Records supplied:
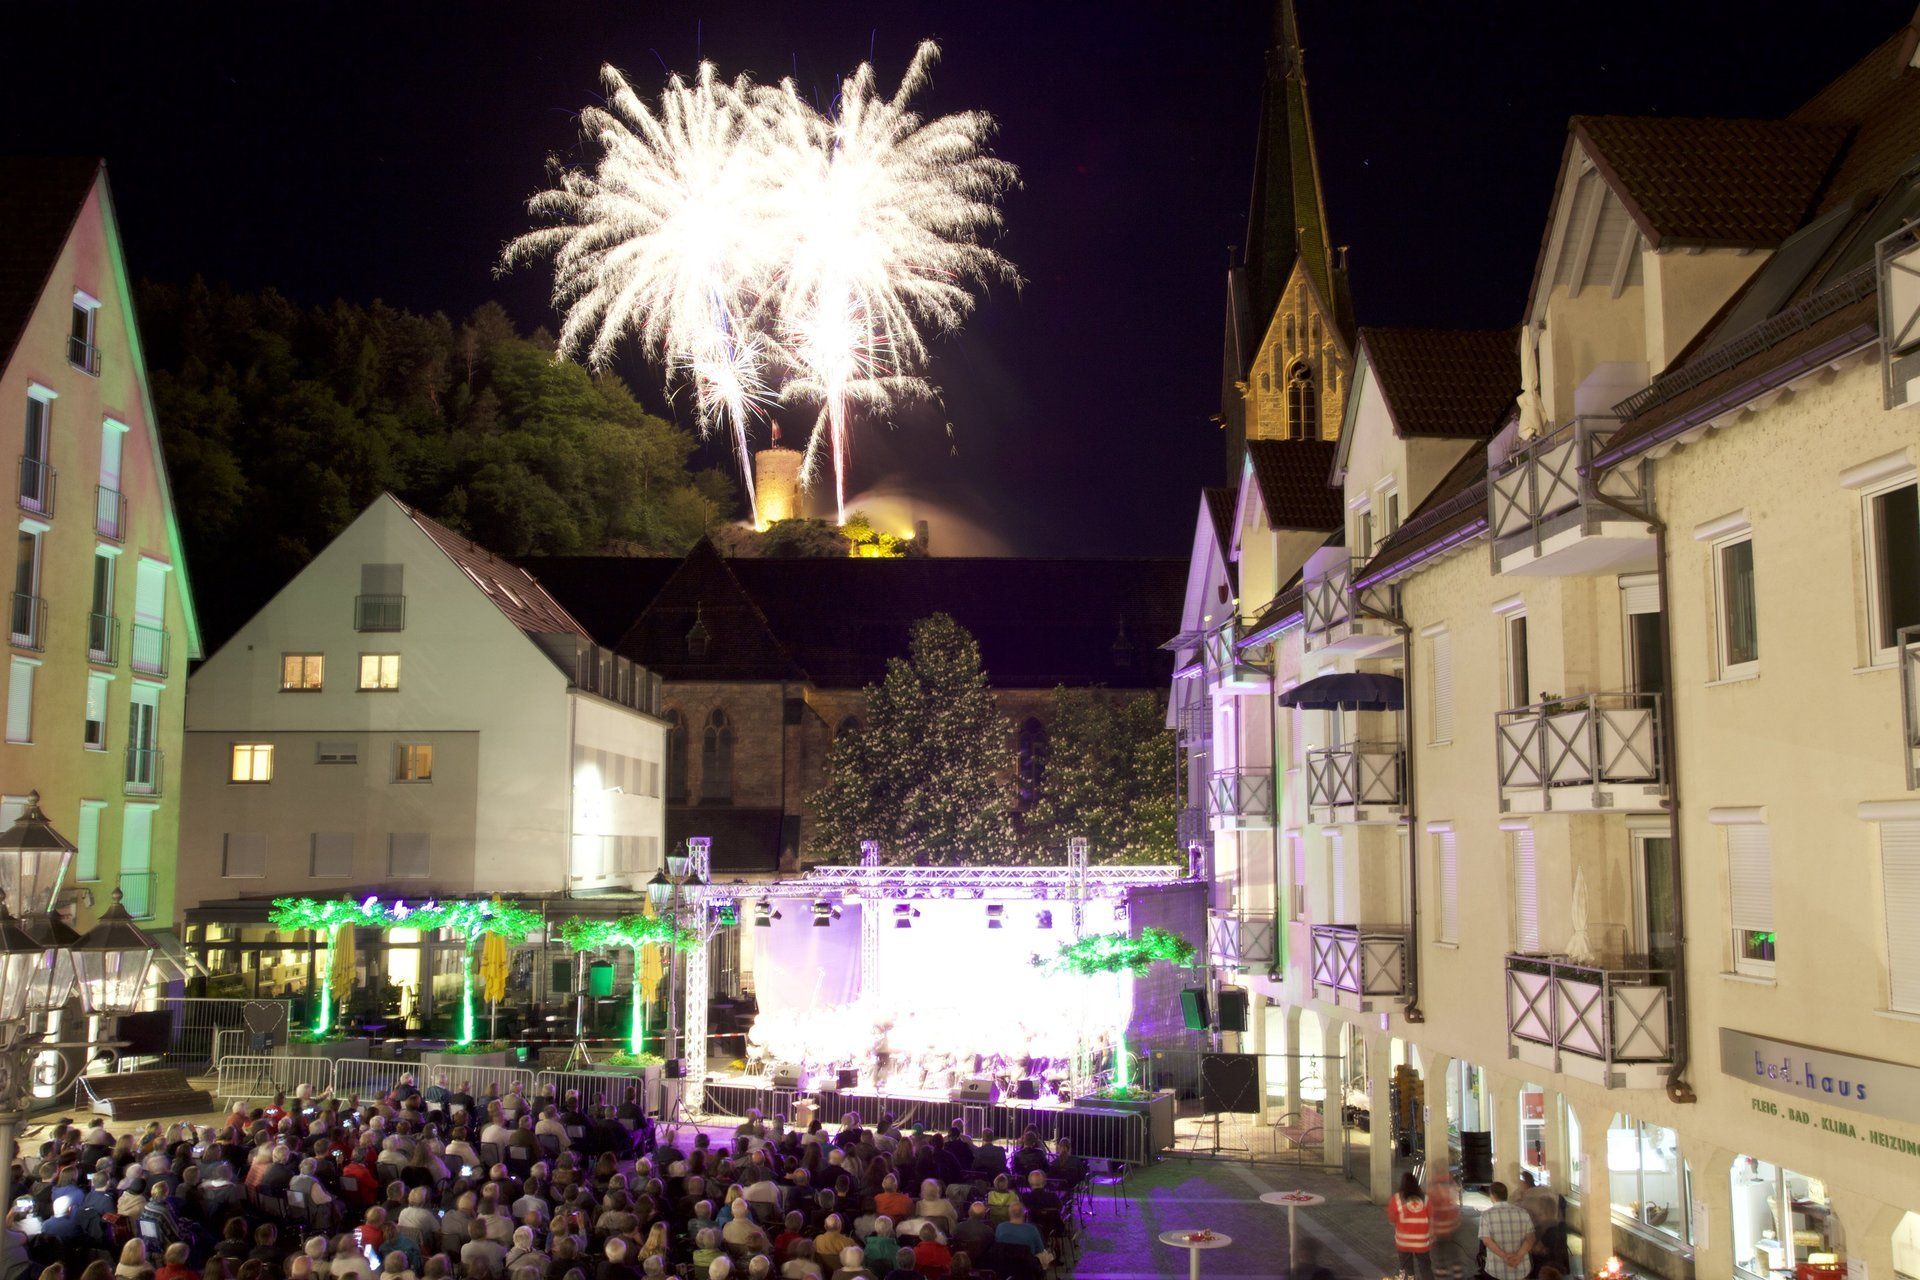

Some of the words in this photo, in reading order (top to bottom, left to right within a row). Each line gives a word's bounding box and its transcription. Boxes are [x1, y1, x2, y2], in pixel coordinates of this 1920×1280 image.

[1752, 1098, 1777, 1116] FLEIG
[1788, 1108, 1810, 1125] BAD
[1821, 1117, 1857, 1139] KLIMA
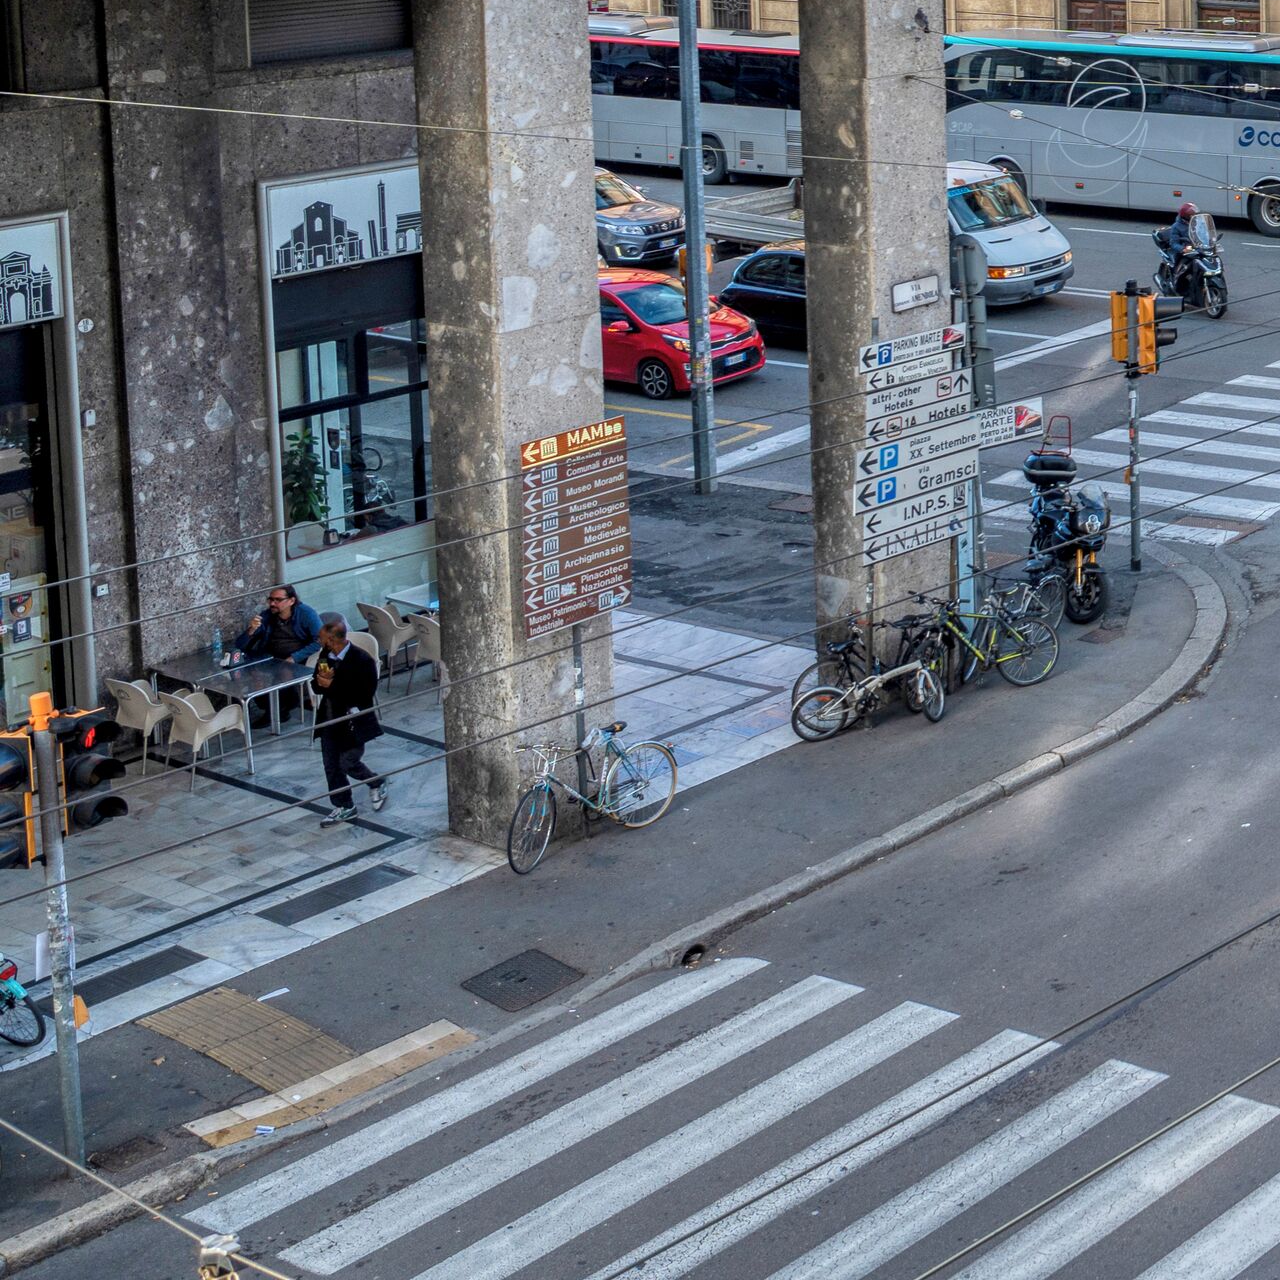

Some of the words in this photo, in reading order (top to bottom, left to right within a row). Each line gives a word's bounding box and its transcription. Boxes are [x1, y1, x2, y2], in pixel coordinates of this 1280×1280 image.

About this exercise: The output has to match the data above line for line, except that pictures are dropped.

Response:
Some of the words in this photo, in reading order (top to bottom, left to right within a row). Each line gives a word's bounding box and its transcription. Boxes are [x1, y1, x2, y2], in pixel coordinates of this 1920×1280 image.

[1752, 1098, 1777, 1116] FLEIG
[1788, 1108, 1810, 1125] BAD
[1821, 1117, 1857, 1139] KLIMA

Some of the words in this photo, in reading order (top to bottom, left to right within a row). Each line gives a word's bounding box and its transcription. Boxes are [x1, y1, x2, y2], in pixel coordinates of this 1280×1280 image.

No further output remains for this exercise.